Future of Calgary’s Live Experience Economy

Reports & Research Category: Outside Research

A graphic with the words "the expereince economy results"

Future of Calgary’s Live Experience Economy

Stone-Olafson
Originally published on June 25, 2020
U
pdated on August 24 & November 20, 2020; January 29,  April 22 & July 21, 2021

Community organizations in the arts, culture, sports, recreation, tourism and hospitality sectors, which all rely on live group experiences, are grappling with a new reality in the wake of COVID-19.

If you are in the business of bringing people together for any reason, you need good information to help you make decisions about future events and strategies for attracting audience members.

Stone-Olafson, in collaboration with community partners, is conducting a longitudinal study with Albertan audiences to deliver reliable and relevant data about expectations and attitudes.

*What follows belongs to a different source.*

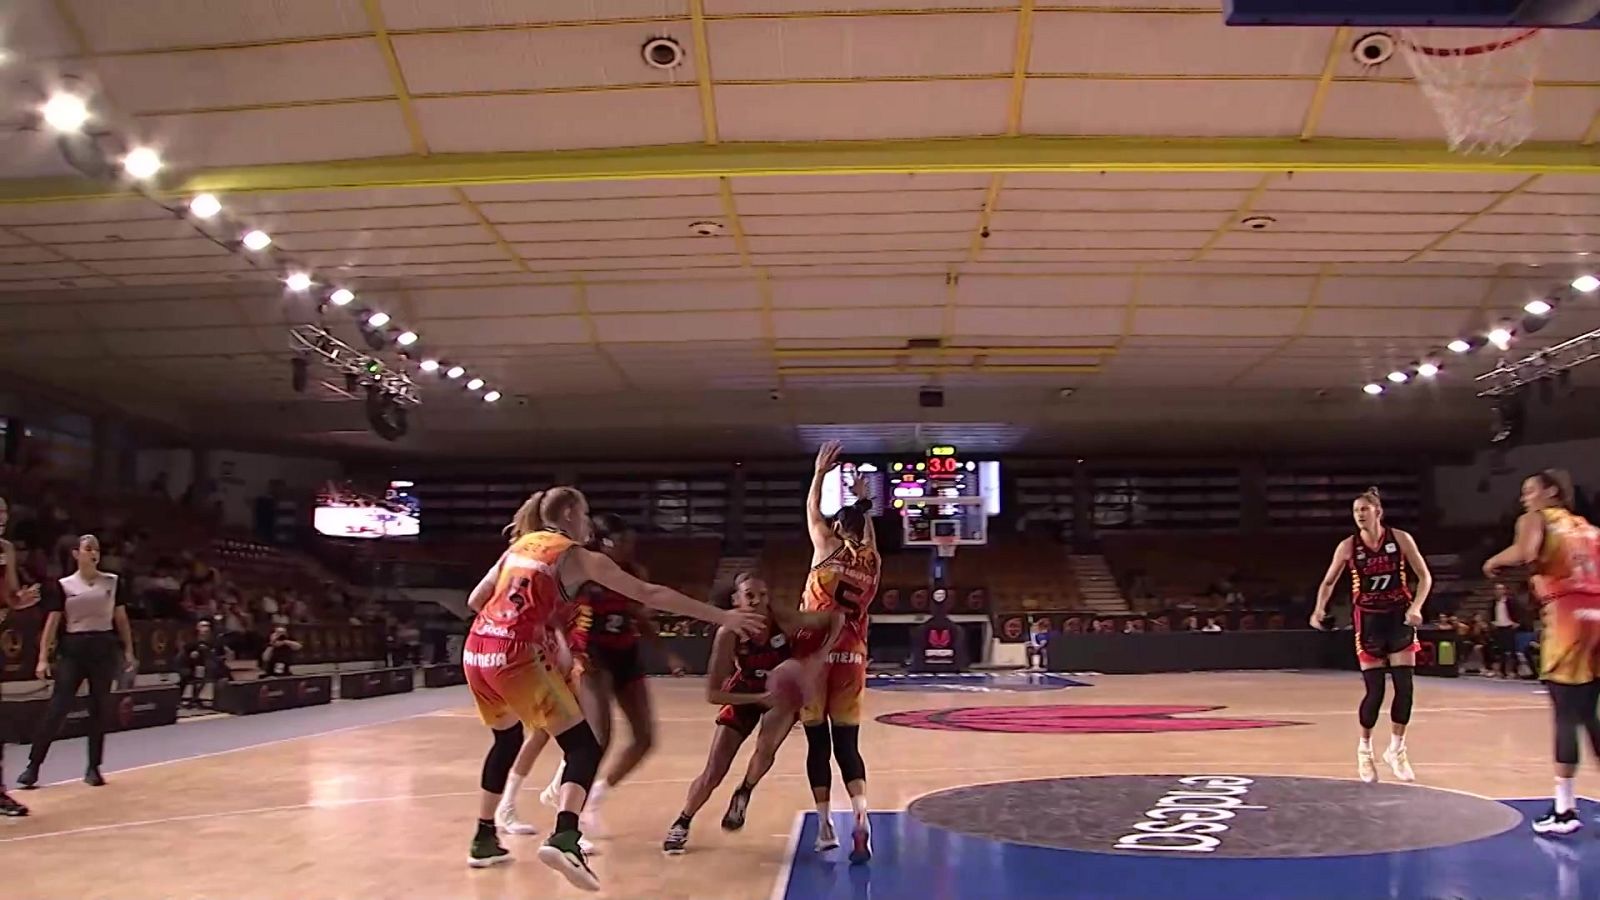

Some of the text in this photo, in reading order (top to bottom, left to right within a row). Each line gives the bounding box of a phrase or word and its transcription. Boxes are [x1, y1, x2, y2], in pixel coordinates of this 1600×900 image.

[929, 458, 956, 472] 3.0
[1370, 574, 1392, 590] 77
[834, 580, 864, 617] 5
[1112, 776, 1269, 852] endesa

The New Experience Economy

Stone-Olafson is supporting experience-based organizations with timely research about how audiences will engage in a post-pandemic environment. This research is being conducted in multiple waves, with the first wave of results based on surveys conducted between May 21 and June 2, 2020. The second wave of results was released in August 2020 followed by the third wave in November 2020, fourth wave in January 2021, fifth wave in April 2021, and a sixth wave in July 2021.

The research moved into a new phase in Fall 2021. Building Experiences in the New Economy continues to build on previous efforts and allow leaders to have continued access to data to fuel recovery and inform efforts to rebuild experiences in the ways that align with changing audience expectations and needs.

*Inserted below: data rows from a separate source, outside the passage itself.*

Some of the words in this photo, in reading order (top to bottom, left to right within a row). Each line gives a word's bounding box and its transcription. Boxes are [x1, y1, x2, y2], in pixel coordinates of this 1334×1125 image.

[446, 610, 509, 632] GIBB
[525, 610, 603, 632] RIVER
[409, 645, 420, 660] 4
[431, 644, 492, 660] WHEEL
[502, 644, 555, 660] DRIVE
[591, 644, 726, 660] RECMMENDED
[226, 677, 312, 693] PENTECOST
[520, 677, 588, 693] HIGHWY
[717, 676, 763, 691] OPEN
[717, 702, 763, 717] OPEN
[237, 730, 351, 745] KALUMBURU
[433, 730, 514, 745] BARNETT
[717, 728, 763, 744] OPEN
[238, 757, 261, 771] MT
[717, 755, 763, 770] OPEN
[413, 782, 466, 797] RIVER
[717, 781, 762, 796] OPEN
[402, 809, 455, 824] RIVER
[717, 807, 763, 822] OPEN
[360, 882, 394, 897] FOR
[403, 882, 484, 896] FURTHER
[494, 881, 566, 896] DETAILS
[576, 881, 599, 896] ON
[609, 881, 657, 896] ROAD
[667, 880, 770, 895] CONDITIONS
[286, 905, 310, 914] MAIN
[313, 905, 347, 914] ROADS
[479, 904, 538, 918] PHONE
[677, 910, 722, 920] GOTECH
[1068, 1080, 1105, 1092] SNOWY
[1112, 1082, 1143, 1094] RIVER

The initiative is being funded by leaders who see an opportunity to support organizations that bring remarkable experiences to life in communities across Alberta. These include Calgary Arts Development, Alberta Foundation for the Arts, Edmonton Arts Council, Edmonton Community Foundation, Calgary Foundation, Rozsa Foundation, ATB, Stone-Olafson, ActiveCITY Collective, Travel Alberta, and Angus Reid.

Thanks to their generous support, there will be free access to research outcomes, workshops and sharing events to help you put the research to work for your teams.

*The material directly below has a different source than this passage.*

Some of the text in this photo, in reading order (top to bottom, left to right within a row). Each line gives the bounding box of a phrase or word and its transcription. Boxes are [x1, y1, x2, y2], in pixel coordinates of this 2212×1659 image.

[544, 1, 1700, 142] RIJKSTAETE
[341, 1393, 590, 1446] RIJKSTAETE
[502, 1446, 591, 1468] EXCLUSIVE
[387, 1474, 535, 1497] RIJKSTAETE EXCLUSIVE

If you have not done so already, sign up at stone-olafson.com to receive notifications about information sharing workshops and when future reports become available.

Exploring the Impact of COVID-19 on Calgary’s Live Experience Economy

The spread of COVID-19 resulted in the closing of all non-essential organizations. One of the hardest hit sectors was the collocated live experience economy. Collocated live experiences are those sectors where a minimum of 50% of products or services revenue is dependent on both the live experience producer and their customers being collocated in the same physical space. The collocated live experience economy incorporates nine sectors, including organized sport, active recreation, arts and culture, food services, retail and personal care services. In pre-COVID-19 Calgary, this included almost 15,000 organizations employing 152,000 people.

The consequences of COVID-19 mitigation measures have been not only the forced closure of many collocated live experiences, but also the explosion of innovations, as organizations sought to engage their customers through alternative means. At a global level, examples of innovations include Michelin Star restaurants offering food delivery, museums providing robotic tours, NASCAR hosting virtual races with their drivers, and musicians live streaming concerts.

There remains a fundamental question of whether entire sectors of our city have pathways to sustainability. The many innovations sparked by the COVID-19 pandemic also triggered a strategic reorientation for these organizations. Those who can develop innovations that are authentic and still generate revenue may then be in a position to further leverage these innovations for sustained growth. The discussion paper considers three questions:

  1. Can innovative business models developed, tested, and implemented during the pandemic trigger a structural change in live experiences?
  2. Will these innovations offer comparative, superior, or inferior value to customers?
  3. Can a more stable and sustained live experience business model be developed?

In this paper, we examine the factors that influence a customer’s decision to adopt or reject innovations in live experiences and the impact this will have on the financial sustainability of specific sectors. No LX producer could have prepared for the unprecedented impact of a global pandemic. Nor could they have anticipated the devastation that COVID-19 would have on the CLX industry. However, these same entrepreneurs and small business owners do control the decisions that will influence their future.

To support these organizations, we provide a diagnostic framework for live experience organizations to evaluate their future. Finally, we use this framework to map a series of potential innovation pathways for diverse sub-sectors of the live experience economy, from film festivals, to fitness centres, to restaurants and retail.